*Your task*
Every entry below must appear again, exactly as written.
·····
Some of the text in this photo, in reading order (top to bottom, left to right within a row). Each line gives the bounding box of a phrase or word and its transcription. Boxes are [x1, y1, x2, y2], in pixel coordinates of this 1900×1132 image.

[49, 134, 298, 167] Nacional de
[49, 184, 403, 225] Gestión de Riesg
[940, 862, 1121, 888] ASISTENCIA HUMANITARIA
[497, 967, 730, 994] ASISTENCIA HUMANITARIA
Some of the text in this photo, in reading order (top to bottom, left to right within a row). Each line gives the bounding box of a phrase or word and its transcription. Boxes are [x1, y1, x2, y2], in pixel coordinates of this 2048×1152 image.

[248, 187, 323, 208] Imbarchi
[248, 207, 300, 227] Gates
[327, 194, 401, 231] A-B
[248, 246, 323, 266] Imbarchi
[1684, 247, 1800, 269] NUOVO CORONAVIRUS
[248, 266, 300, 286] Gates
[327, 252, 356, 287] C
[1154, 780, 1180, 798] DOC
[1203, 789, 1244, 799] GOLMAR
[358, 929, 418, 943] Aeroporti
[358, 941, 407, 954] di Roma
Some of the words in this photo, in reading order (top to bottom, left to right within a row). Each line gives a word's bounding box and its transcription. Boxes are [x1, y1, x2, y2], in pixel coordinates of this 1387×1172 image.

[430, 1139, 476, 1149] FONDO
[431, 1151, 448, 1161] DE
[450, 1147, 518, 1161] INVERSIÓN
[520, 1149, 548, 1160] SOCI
·····
*Expected answer*
Some of the text in this photo, in reading order (top to bottom, left to right within a row). Each line gives the bounding box of a phrase or word and its transcription. Boxes are [x1, y1, x2, y2], in pixel coordinates of this 1900×1132 image.

[49, 134, 298, 167] Nacional de
[49, 184, 403, 225] Gestión de Riesg
[940, 862, 1121, 888] ASISTENCIA HUMANITARIA
[497, 967, 730, 994] ASISTENCIA HUMANITARIA
Some of the text in this photo, in reading order (top to bottom, left to right within a row). Each line gives the bounding box of a phrase or word and its transcription. Boxes are [x1, y1, x2, y2], in pixel coordinates of this 2048×1152 image.

[248, 187, 323, 208] Imbarchi
[248, 207, 300, 227] Gates
[327, 194, 401, 231] A-B
[248, 246, 323, 266] Imbarchi
[1684, 247, 1800, 269] NUOVO CORONAVIRUS
[248, 266, 300, 286] Gates
[327, 252, 356, 287] C
[1154, 780, 1180, 798] DOC
[1203, 789, 1244, 799] GOLMAR
[358, 929, 418, 943] Aeroporti
[358, 941, 407, 954] di Roma
Some of the words in this photo, in reading order (top to bottom, left to right within a row). Each line gives a word's bounding box and its transcription. Boxes are [x1, y1, x2, y2], in pixel coordinates of this 1387×1172 image.

[430, 1139, 476, 1149] FONDO
[431, 1151, 448, 1161] DE
[450, 1147, 518, 1161] INVERSIÓN
[520, 1149, 548, 1160] SOCI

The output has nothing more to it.